--- Directions ---
Print only the lines below from the one with "this 1062×1951 image." to the one with "this 1654×1034 image.", both included, exactly as they stand. Leave pictures out.

--- Exercise data ---
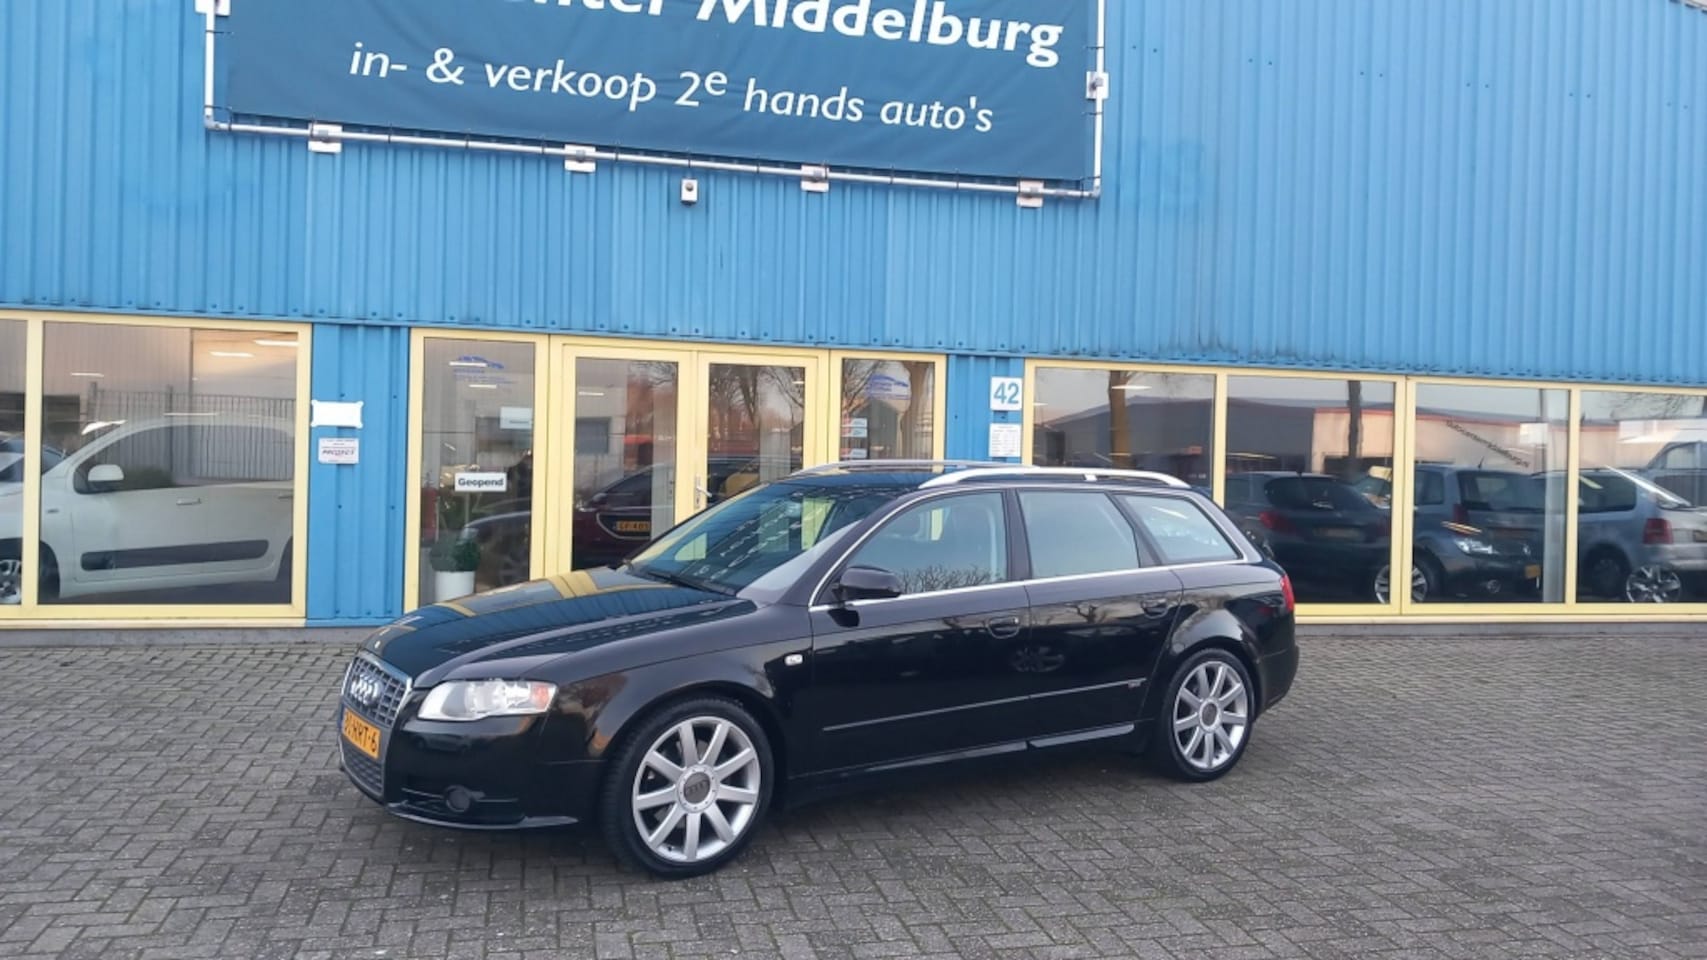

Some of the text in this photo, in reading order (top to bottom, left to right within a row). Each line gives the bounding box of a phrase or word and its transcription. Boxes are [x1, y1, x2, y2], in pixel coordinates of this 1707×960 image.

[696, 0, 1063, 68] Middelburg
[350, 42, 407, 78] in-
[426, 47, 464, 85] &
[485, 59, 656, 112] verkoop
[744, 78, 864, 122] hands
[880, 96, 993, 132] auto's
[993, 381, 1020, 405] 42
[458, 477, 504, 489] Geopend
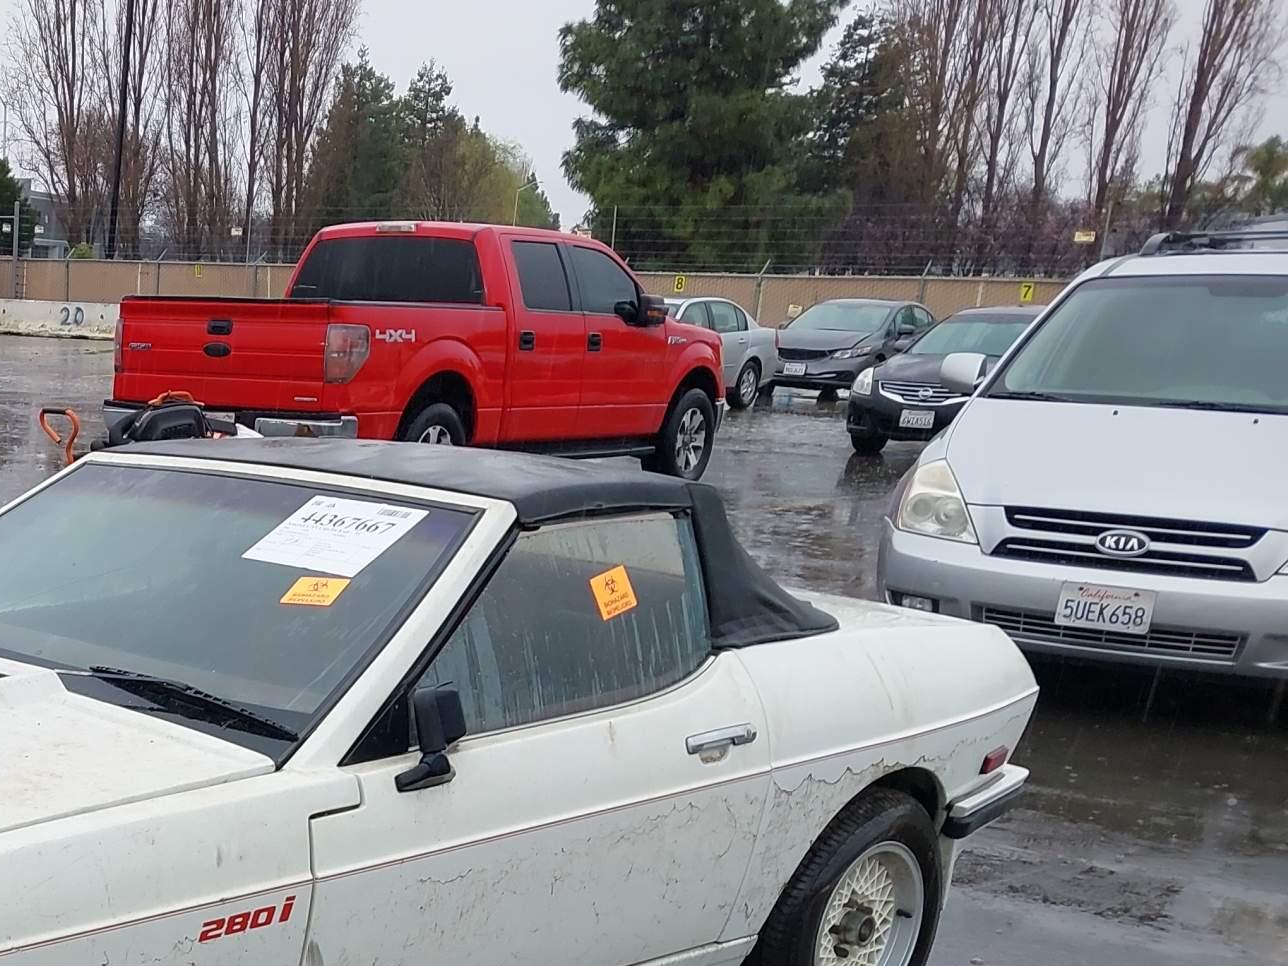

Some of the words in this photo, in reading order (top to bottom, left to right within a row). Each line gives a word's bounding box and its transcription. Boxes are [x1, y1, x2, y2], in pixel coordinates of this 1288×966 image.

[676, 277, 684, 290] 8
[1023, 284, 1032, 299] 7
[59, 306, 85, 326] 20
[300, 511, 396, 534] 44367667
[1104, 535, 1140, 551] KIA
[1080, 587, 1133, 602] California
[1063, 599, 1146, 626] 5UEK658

...

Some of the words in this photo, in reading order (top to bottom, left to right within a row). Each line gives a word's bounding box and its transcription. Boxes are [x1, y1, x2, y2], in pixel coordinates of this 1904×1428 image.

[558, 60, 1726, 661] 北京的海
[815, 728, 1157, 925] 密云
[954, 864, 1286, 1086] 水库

...

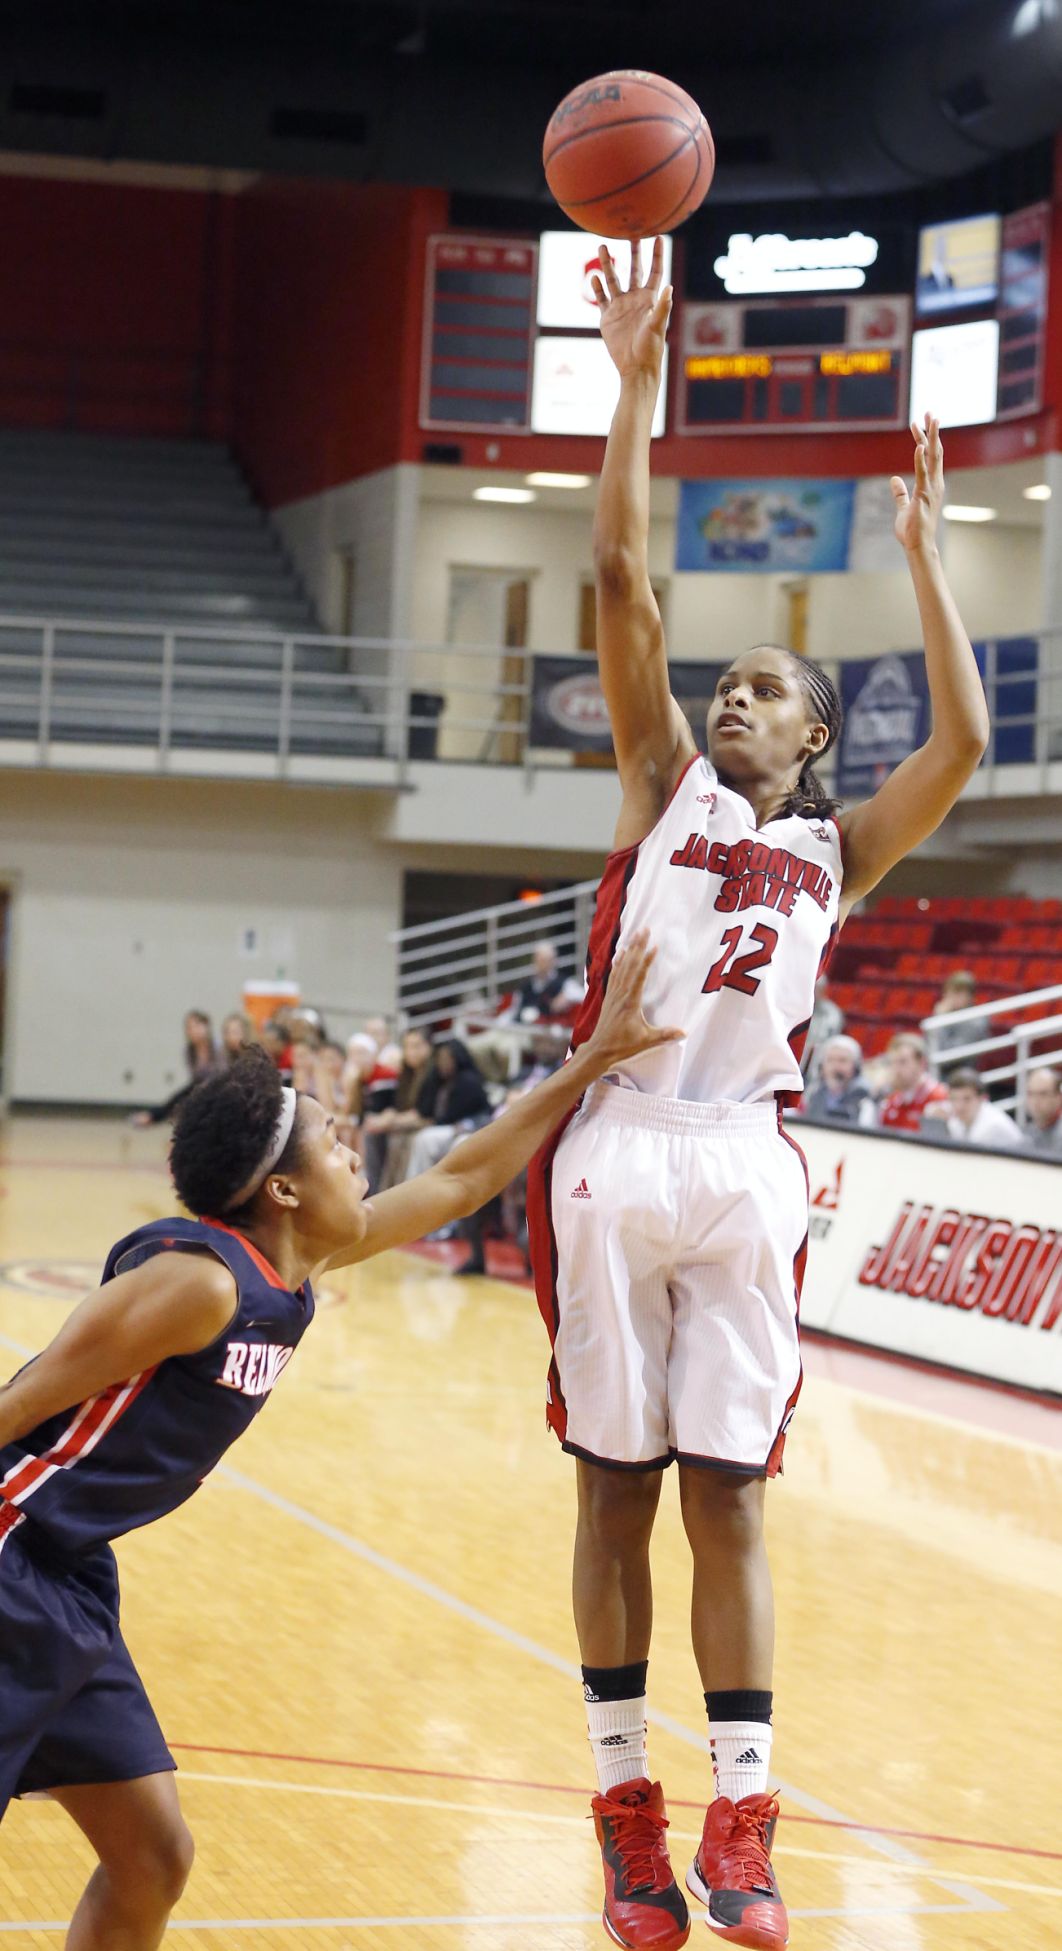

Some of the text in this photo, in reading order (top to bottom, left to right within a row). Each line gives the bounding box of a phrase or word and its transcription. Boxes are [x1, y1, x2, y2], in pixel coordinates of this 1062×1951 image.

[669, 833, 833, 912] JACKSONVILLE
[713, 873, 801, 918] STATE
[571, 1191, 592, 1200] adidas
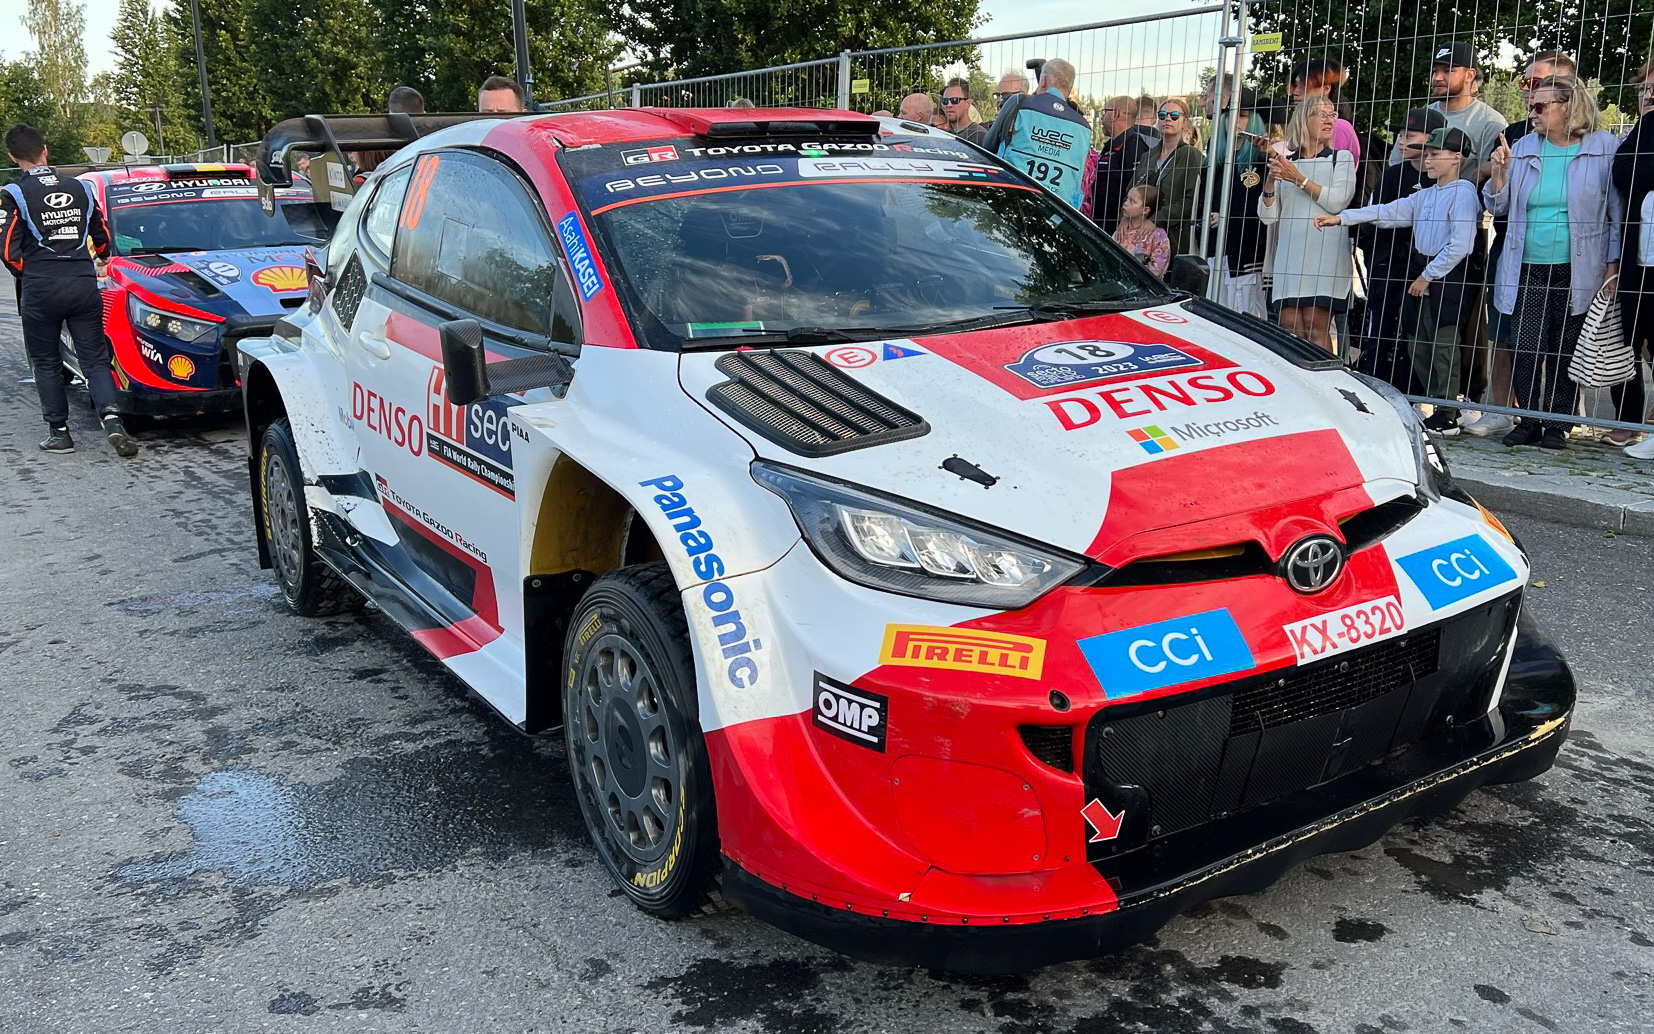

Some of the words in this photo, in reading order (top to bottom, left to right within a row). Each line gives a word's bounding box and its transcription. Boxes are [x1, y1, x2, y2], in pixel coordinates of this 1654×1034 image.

--- Exercise result ---
Some of the text in this photo, in reading order (top to bottom, left to right within a row). Each line gives the bounding box of a phrase or word and its transcription. Boxes are [x1, y1, x2, y2], in pixel coordinates of this 1062×1951 image.

[669, 833, 833, 912] JACKSONVILLE
[713, 873, 801, 918] STATE
[571, 1191, 592, 1200] adidas

Some of the words in this photo, in reading order (top to bottom, left to right within a row). Each line gives a word's bounding box and its transcription. Boxes are [x1, y1, x2, y2], in pixel coordinates of this 1654×1034 image.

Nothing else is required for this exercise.